Громыхнул засов, дверь приоткрылась, и тотчас навалились на нее трое, в том числе и возница.
— Не двигаться! Чека! — крикнул Любушкин.
Один за другим ахнули выстрелы; Семен упал, упал и один из сотрудников чека.
— Не нужно этого делать, Юрий Маркович! — истерично взывал в темноте Языков. — Это ошибка, это…
Выстрелил и Любушкин. Щеголев — фигура его отчетливо теперь была видна в дверном проеме — схватился за грудь, медленно осел на колени. Чекисты бросились в дом, кто-то зажег свет, и в маленькой, с провисшим потолком комнате предстал перед Любушкиным испуганный, с бледным лицом Языков.
— Добрый день… точнее, вечер, Юлиан Мефодьевич, — сказал Любушкин, настороженно заглядывая в другую комнату — нет ли в доме кого-нибудь еще?
— Это ошибка, простите… не знаю, с кем имею дело, — Языков затравленно разглядывал чекистов. — Моя фамилия Лебедянский.

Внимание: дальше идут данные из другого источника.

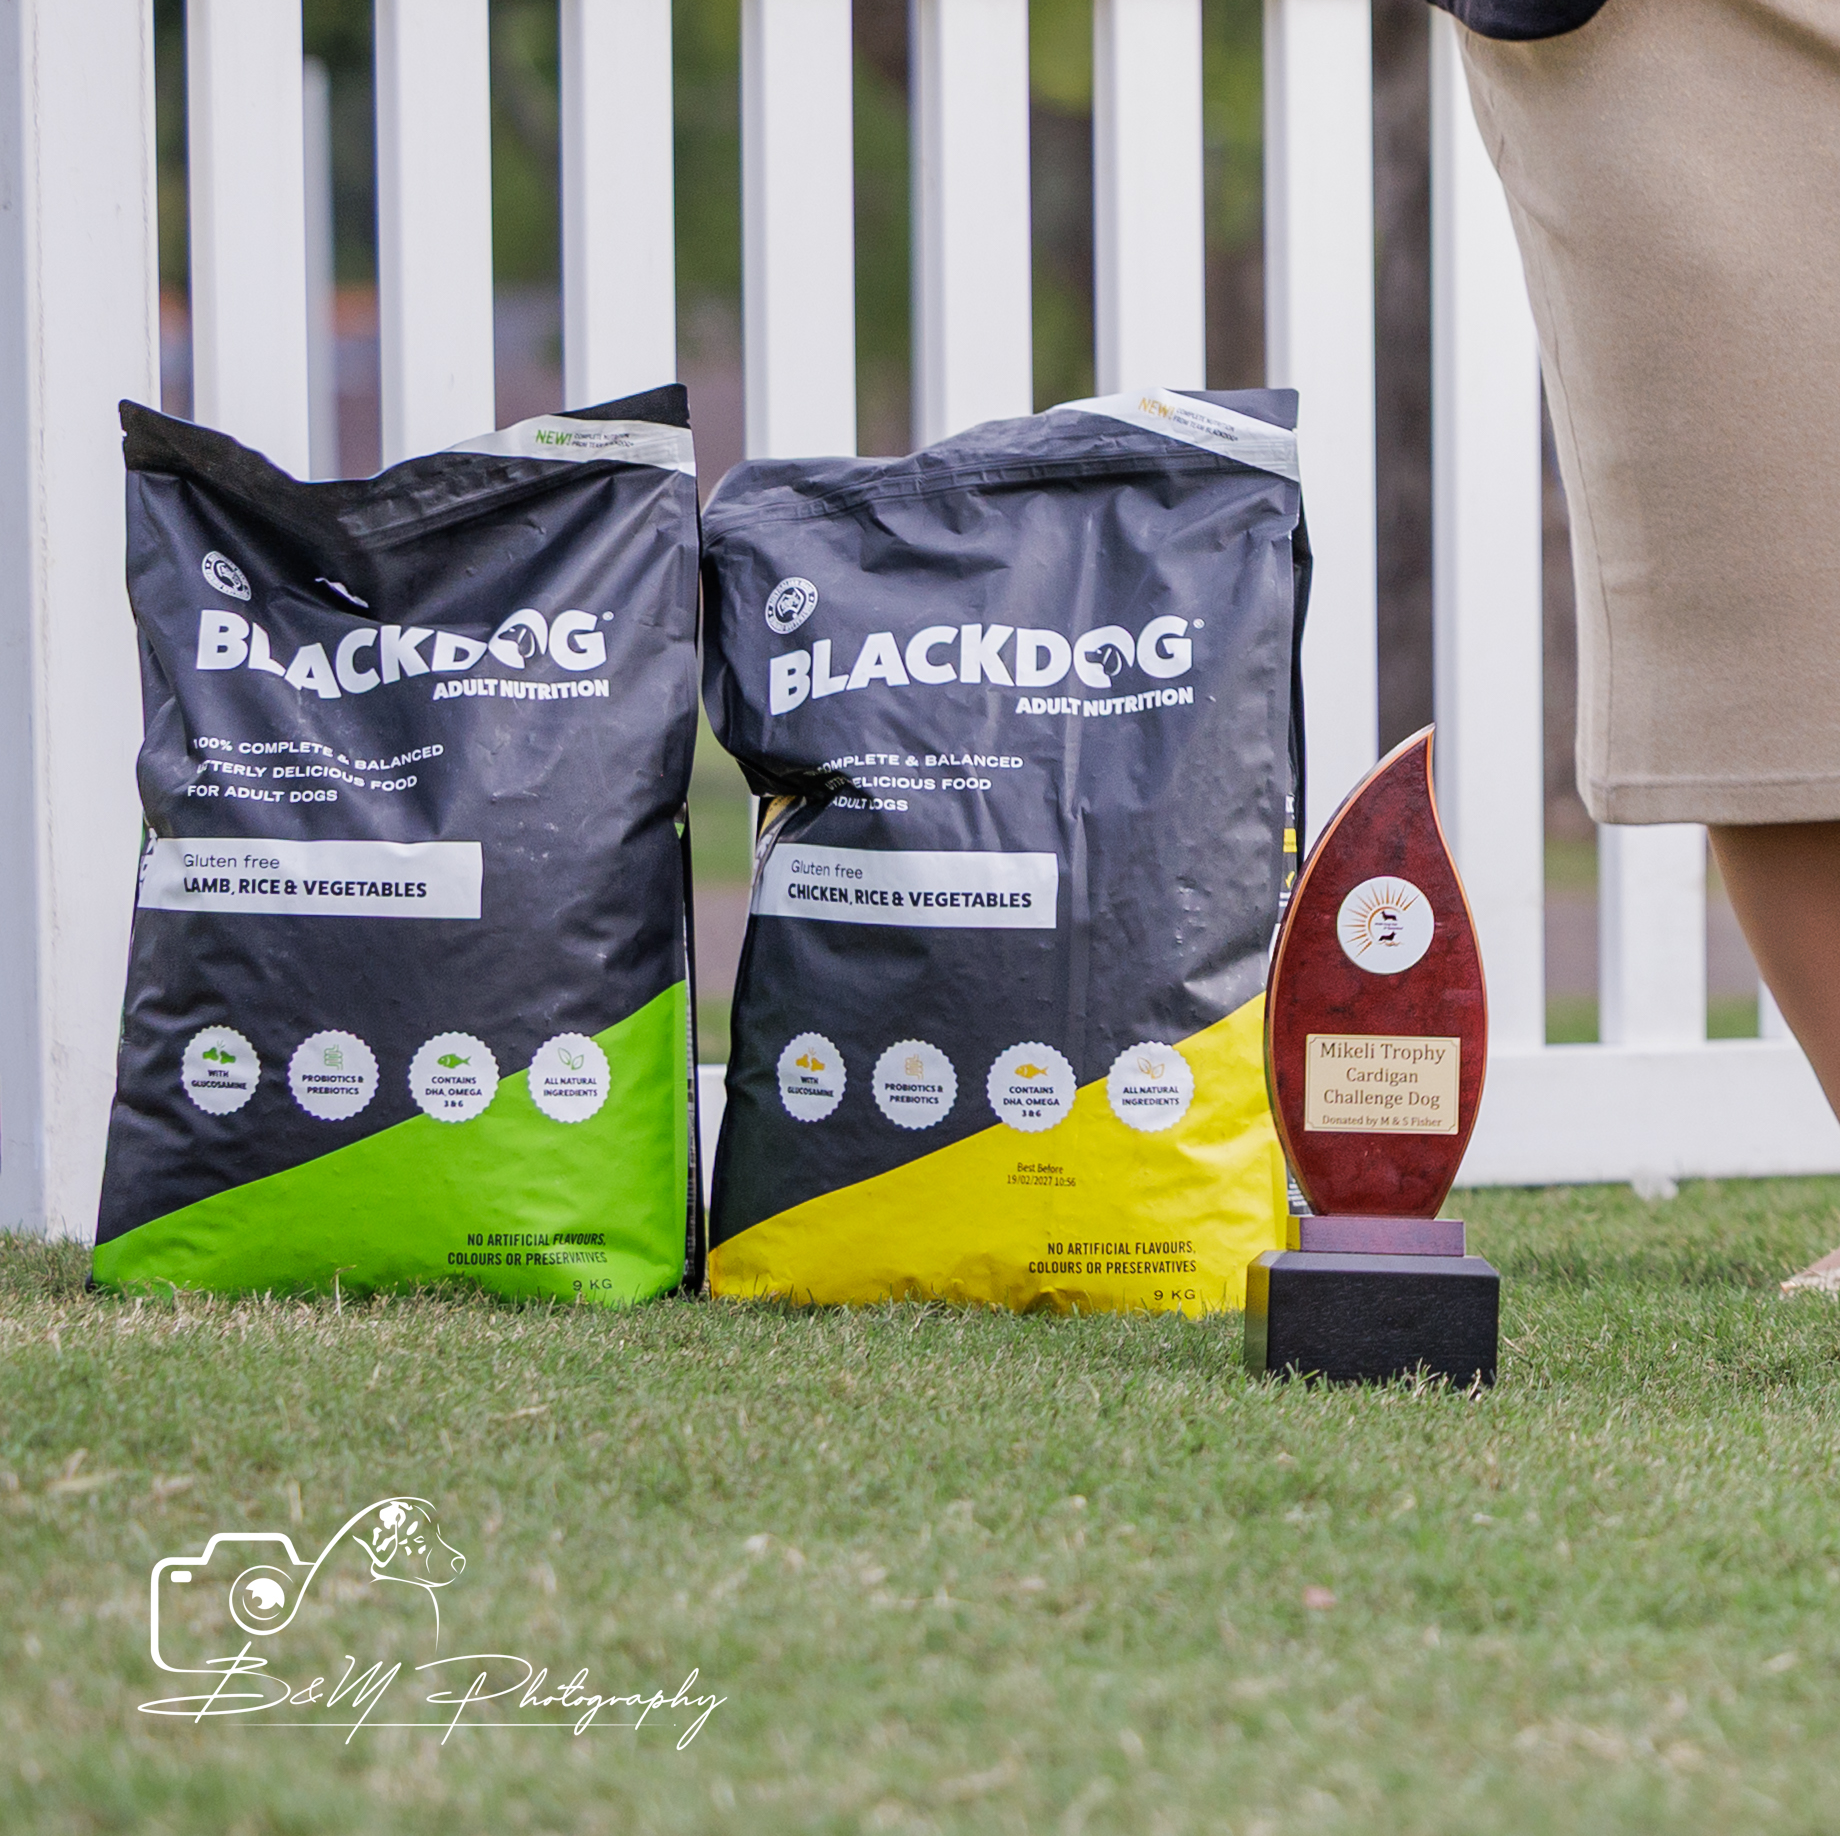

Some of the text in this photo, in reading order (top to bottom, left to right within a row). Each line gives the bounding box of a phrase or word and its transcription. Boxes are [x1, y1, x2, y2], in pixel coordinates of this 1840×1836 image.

Георгий Михайлович.
— Может быть, все может быть, Георгий Михайлович. Но вооруженное сопротивление…
— Я же ему говорил. Говорил! — Языков тыкал рукою в сторону распахнутых дверей.
— Михаил Иванович! — позвал один из чекистов. — Человек этот, кучер, живой, кажись.
Любушкин склонился над Семеном. Тот тяжело и хрипло дышал, но улыбался, старался подняться.
— Вот как оно получилось, товарышш… Подстрелили меня. Баба молодая, ребятишков двое… Чуяло сердце.
— Я же тебе сказал, постучи только! — горячо и виновато говорил Любушкин. — Но ничего, Семен, сейчас мы в больницу тебя свезем, все будет хорошо.
— В азарт, кабыть, вошел. — Семен закашлялся. — Эх, думаю, подмогнуть товарышшам. Подмогнул… Две пули энтот урка засадил. Бабе моей скажи, товарышш… С Монастырки я, с того берегу… Аленой ее зовут…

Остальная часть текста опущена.